За четыре месяца снижение
экспорта в дальнее зарубежье больше 20%
и еще больше по сжиженному природному газу. Вот это очень серьезные
ограничения, связаны руки: и цены падают, и если, не дай Бог, начинается вытеснение России с
энергетического рынка Европы, что собственно говоря, является официальной целью
энергетической политики Европейского Союза, США.
К.Т.: Скажите, нас
можно физически выдавить из европейского рынка, хватит у остальных поставщиков
столько газа, сколько его нужно?
Я.М.: Это же не
одномоментный процесс, это не делается в
три месяца, в шесть месяцев, и т.д., и т.п. Он разворачивающийся в 2-4 года.
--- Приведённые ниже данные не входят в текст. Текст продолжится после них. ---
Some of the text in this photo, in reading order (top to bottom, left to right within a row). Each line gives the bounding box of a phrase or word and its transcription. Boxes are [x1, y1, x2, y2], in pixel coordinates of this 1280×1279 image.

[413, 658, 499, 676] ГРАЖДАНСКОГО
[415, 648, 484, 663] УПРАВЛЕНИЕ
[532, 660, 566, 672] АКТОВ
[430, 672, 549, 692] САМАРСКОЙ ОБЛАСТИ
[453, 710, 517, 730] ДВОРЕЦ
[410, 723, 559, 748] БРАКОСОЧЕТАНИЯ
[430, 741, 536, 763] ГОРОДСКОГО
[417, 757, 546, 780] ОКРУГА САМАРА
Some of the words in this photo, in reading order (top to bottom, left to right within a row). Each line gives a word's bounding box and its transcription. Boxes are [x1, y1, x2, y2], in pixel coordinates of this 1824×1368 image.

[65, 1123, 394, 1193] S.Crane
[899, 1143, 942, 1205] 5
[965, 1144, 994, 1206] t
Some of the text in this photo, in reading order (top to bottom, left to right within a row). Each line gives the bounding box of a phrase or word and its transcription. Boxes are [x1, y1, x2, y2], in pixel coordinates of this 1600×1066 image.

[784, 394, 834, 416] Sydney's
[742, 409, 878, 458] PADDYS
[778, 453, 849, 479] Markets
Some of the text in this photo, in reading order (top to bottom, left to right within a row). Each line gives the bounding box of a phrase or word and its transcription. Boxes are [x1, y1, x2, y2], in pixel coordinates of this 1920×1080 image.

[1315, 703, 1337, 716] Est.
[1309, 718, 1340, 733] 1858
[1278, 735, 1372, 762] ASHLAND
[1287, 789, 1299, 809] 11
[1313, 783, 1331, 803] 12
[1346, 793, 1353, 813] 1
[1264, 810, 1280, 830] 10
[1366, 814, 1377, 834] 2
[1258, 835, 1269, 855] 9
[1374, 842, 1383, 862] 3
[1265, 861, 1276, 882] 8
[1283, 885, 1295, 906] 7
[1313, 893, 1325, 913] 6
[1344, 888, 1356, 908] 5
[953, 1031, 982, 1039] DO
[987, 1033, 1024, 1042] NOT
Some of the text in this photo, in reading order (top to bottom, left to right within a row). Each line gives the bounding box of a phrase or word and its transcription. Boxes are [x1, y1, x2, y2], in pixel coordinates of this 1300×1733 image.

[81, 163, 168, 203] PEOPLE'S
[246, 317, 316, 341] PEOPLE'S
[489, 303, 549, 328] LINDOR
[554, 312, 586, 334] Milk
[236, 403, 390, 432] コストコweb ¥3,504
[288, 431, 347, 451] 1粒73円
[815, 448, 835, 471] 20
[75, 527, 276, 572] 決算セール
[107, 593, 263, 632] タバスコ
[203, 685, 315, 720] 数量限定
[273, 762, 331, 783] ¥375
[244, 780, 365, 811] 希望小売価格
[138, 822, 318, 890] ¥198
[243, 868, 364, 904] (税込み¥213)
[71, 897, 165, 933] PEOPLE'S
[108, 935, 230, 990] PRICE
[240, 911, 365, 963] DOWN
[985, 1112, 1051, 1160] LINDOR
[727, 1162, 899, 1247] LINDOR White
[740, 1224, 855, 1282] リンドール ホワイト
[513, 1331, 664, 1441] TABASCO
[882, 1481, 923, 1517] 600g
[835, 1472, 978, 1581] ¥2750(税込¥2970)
Поэтому в ближайший год или полтора года эта труба, этот поток сырья против
поступления валюты - конечно же, все это сохраняется. Но, когда мы слышим о
том, что введен еще один терминал в Литве для сжиженного газа или, предположим,
обсуждается альтернативный поток, трубопровод, который будет иной, нежели
"Южный поток", еще один... В общем, много желающих войти на
энергетический рынок Европы. Да, в течение нескольких лет вполне возможно, что
это не то чтобы вытеснение – сжатие. Может быть довольно серьезное сжатие
участия России в этом рынке. Это действительно может произойти. Поэтому это
ограничение плюс еще одно ограничение, как раз я пока говорил не о санкциях. А
в результате санкций – это,
по сути дела, технологический и финансовый бойкот, и это очень жесткие
ограничения на прирост добычи сырья, на прирост добычи топлива. Понятно, что
экономика, которая, в общем-то, была сырьевой и жила в основном обменом сырья
на бусы… У нас очень высока доля импорта, это вот другая сторона, причем в
ключевых отраслях: машиностроение, в электронике, ресурсо-розничной торговле
40% замещается импортом.
К.Т.: Смотрите, как у
нас любят. Клюнул жареный петух, и тут же мы услышали привычные старые мантры,
но уже их произносят все, кому не лень, и все громче и громче, говоря про
импортозамещение, что закидаем шапками и заместим. И говорят про нефтяную иглу,
с которой нужно слезать. Говорят об этом много, сегодня премьер-министр сказал,
что нужно слезать с нефтяной иглы. При этом мы смотрим, что составляющая
доходов от экспорта нефти и газа увеличивается, даже по сравнению с Советским
Союзом, несмотря на то, что эти 10-20 лет мы об этом говорим.
Я.М.: Она
постоянно увеличивалась.
К.Т.: Сегодня премьер
говорит: нужно диверсифицировать экономику. Но далее, внимание, - это процесс
не близкий, это займет не 10 и не 20 лет. Когда говорят о таких сроках - не 10
и не 20 лет - у меня такое ощущение, что результат становится все более
расплывчатым, если вообще достижимым. Потому что 20 лет - это тот срок, когда
либо ишак, либо падишах. Что-то с ним произойдет. Вот с вашей точки зрения,
насколько реально диверсифицировать экономику? Что для этого нужно сделать? И
есть какой-то честный срок для этого?
Я.М.: Да, я
думаю, что у нас есть
где-то год-полтора более-менее стабильности. У нас очень крупные международные
резервы, пока больше 400 миллиардов долларов.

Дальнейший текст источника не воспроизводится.